The data:
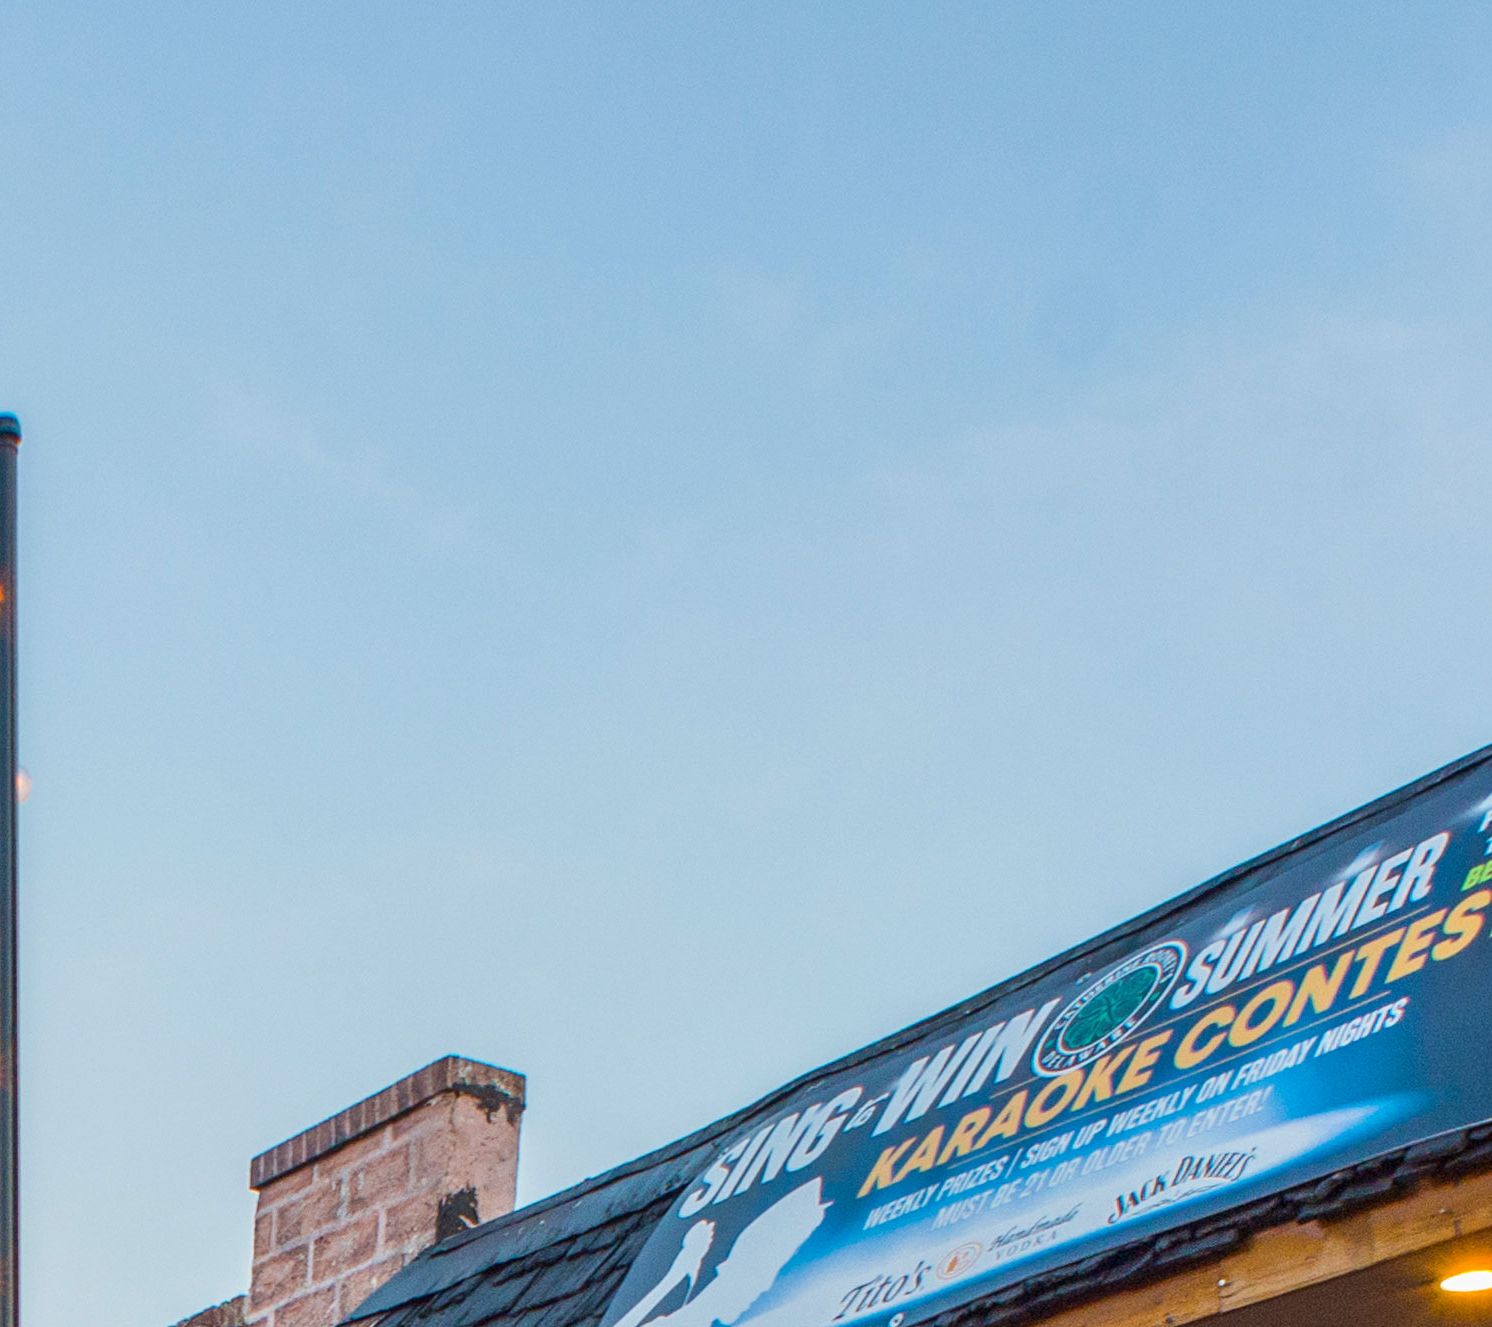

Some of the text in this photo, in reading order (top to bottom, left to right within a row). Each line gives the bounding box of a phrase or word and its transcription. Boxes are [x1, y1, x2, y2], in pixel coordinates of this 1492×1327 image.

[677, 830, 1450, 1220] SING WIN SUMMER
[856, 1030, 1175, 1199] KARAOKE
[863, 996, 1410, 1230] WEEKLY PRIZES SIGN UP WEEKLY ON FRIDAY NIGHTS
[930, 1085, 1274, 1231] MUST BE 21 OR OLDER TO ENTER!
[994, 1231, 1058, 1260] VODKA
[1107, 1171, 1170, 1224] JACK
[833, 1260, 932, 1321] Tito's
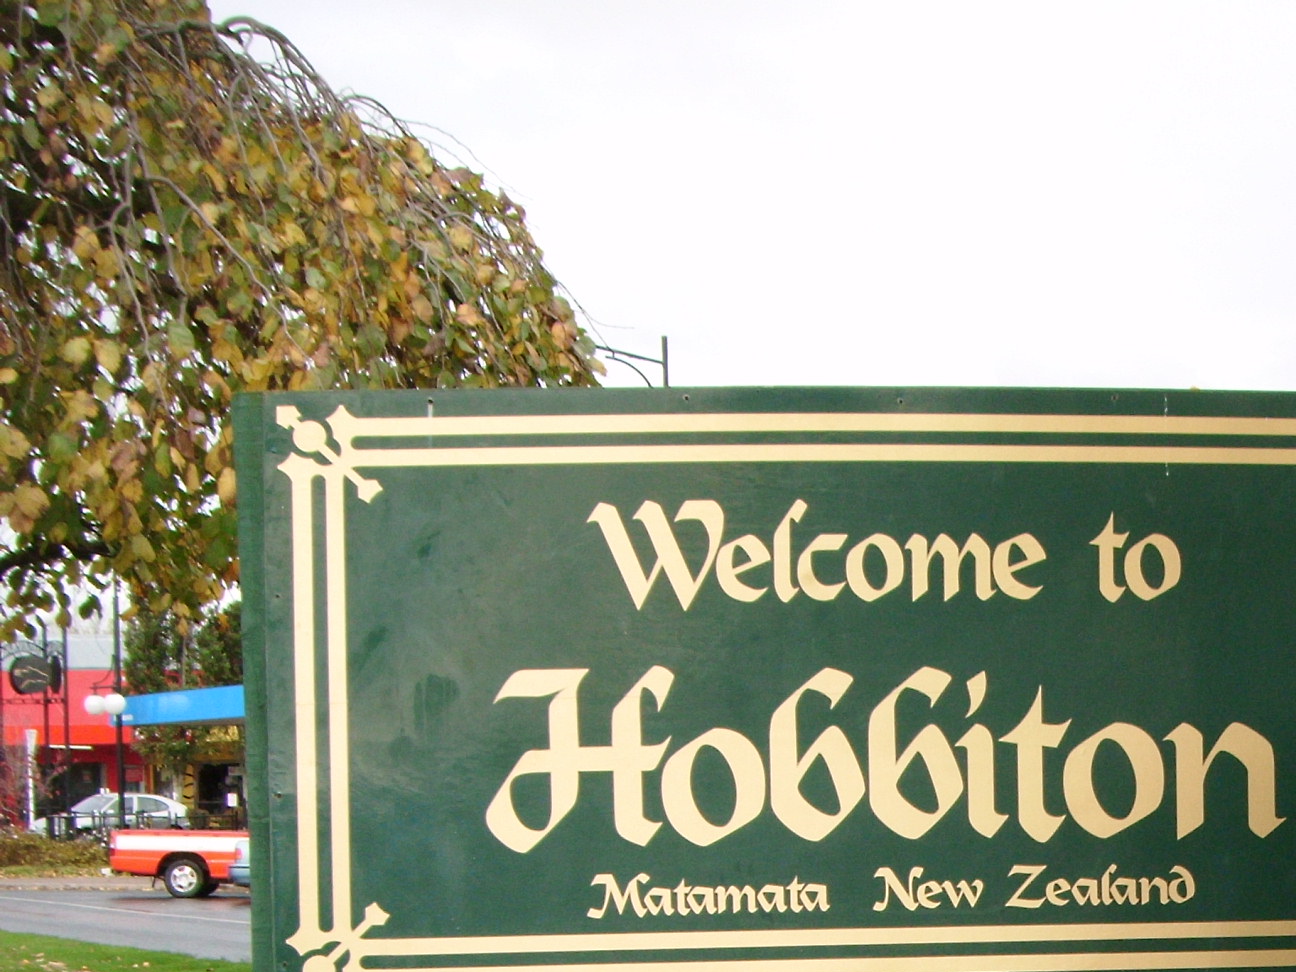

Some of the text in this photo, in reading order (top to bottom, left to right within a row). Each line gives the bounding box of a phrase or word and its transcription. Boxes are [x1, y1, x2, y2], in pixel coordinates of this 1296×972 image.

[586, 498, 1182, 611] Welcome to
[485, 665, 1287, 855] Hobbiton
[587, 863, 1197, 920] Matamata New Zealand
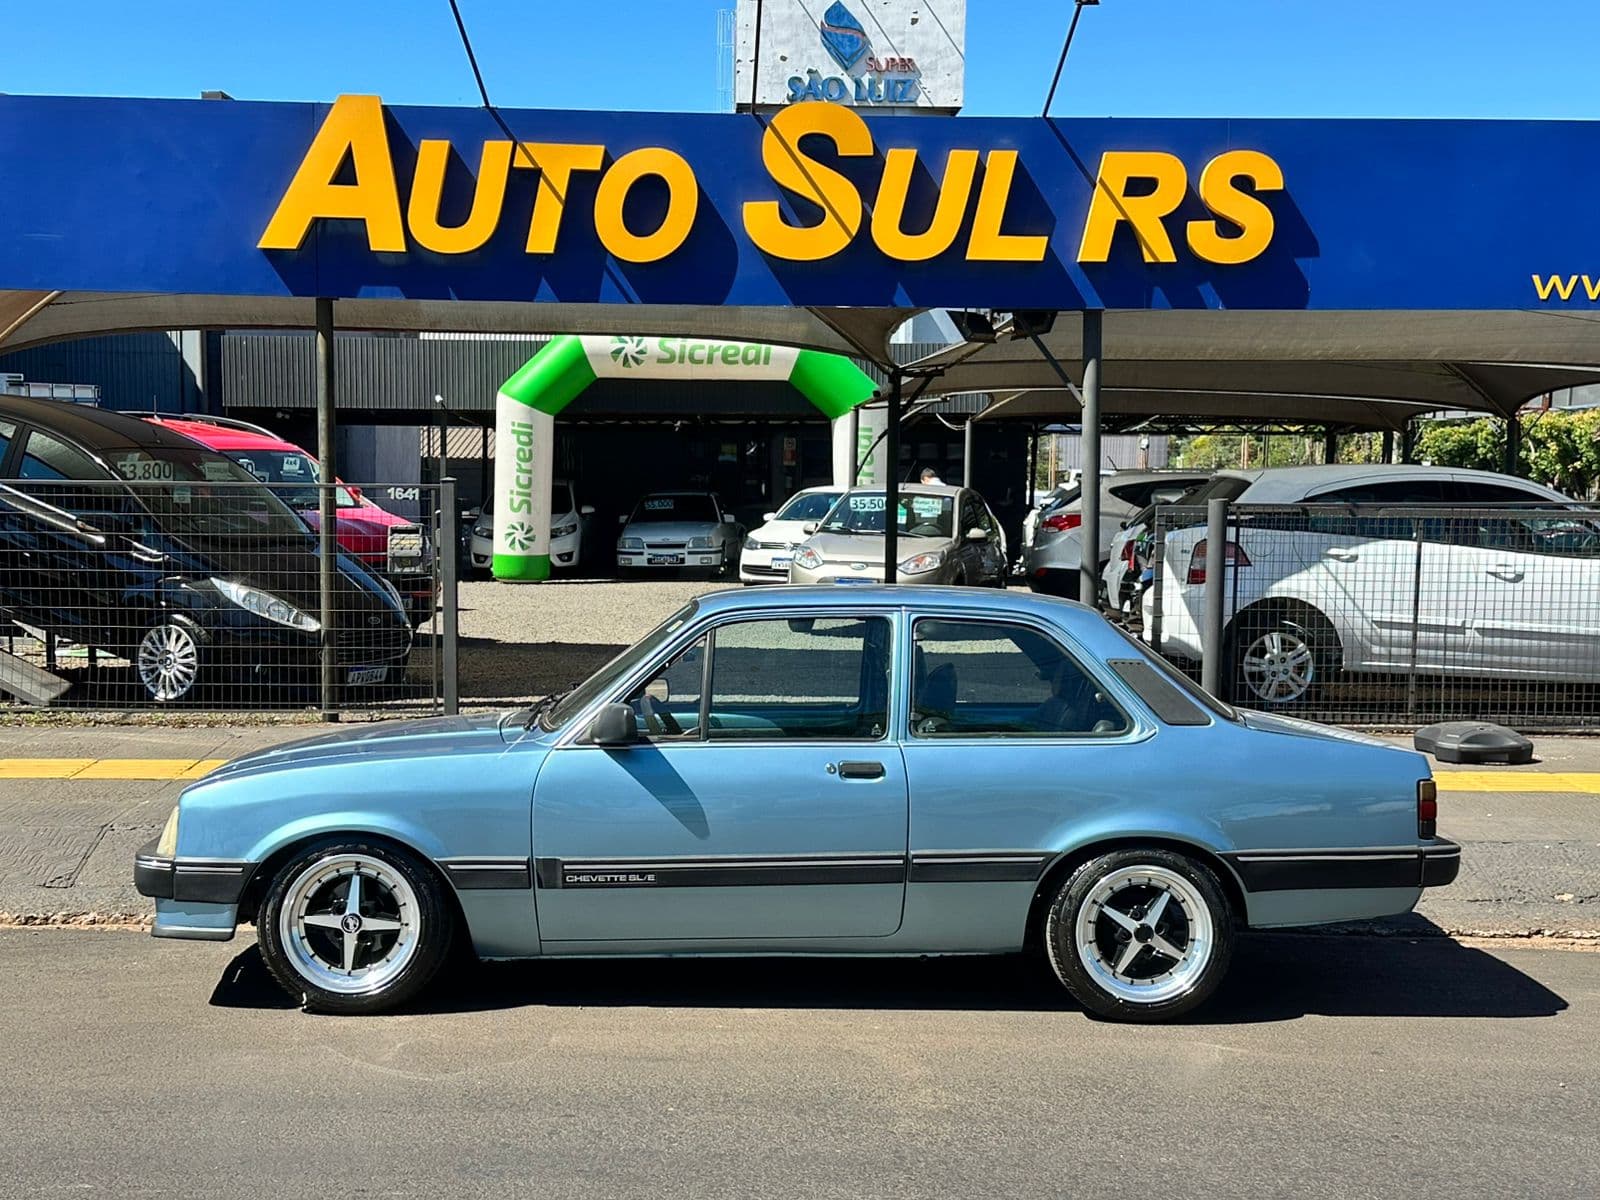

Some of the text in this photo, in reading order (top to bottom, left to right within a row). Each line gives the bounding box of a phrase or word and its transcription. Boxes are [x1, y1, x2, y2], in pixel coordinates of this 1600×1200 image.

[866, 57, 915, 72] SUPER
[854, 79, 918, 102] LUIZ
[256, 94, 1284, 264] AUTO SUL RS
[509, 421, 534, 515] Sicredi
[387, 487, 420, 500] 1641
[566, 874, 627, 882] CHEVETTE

Task objective: What you return should match the entries word for word, pictures aside.

Exercise result:
Some of the text in this photo, in reading order (top to bottom, left to right within a row). Each line gives the bounding box of a phrase or word and its transcription. Boxes are [x1, y1, x2, y2], in pixel coordinates of this 1492×1327 image.

[677, 830, 1450, 1220] SING WIN SUMMER
[856, 1030, 1175, 1199] KARAOKE
[863, 996, 1410, 1230] WEEKLY PRIZES SIGN UP WEEKLY ON FRIDAY NIGHTS
[930, 1085, 1274, 1231] MUST BE 21 OR OLDER TO ENTER!
[994, 1231, 1058, 1260] VODKA
[1107, 1171, 1170, 1224] JACK
[833, 1260, 932, 1321] Tito's

Some of the text in this photo, in reading order (top to bottom, left to right within a row). Each line gives the bounding box of a phrase or word and its transcription. Boxes are [x1, y1, x2, y2], in pixel coordinates of this 1296×972 image.

[586, 498, 1182, 611] Welcome to
[485, 665, 1287, 855] Hobbiton
[587, 863, 1197, 920] Matamata New Zealand

Some of the text in this photo, in reading order (top to bottom, left to right within a row). Each line gives the bounding box of a phrase or word and its transcription. Boxes are [x1, y1, x2, y2], in pixel coordinates of this 1600×1200 image.

[866, 57, 915, 72] SUPER
[854, 79, 918, 102] LUIZ
[256, 94, 1284, 264] AUTO SUL RS
[509, 421, 534, 515] Sicredi
[387, 487, 420, 500] 1641
[566, 874, 627, 882] CHEVETTE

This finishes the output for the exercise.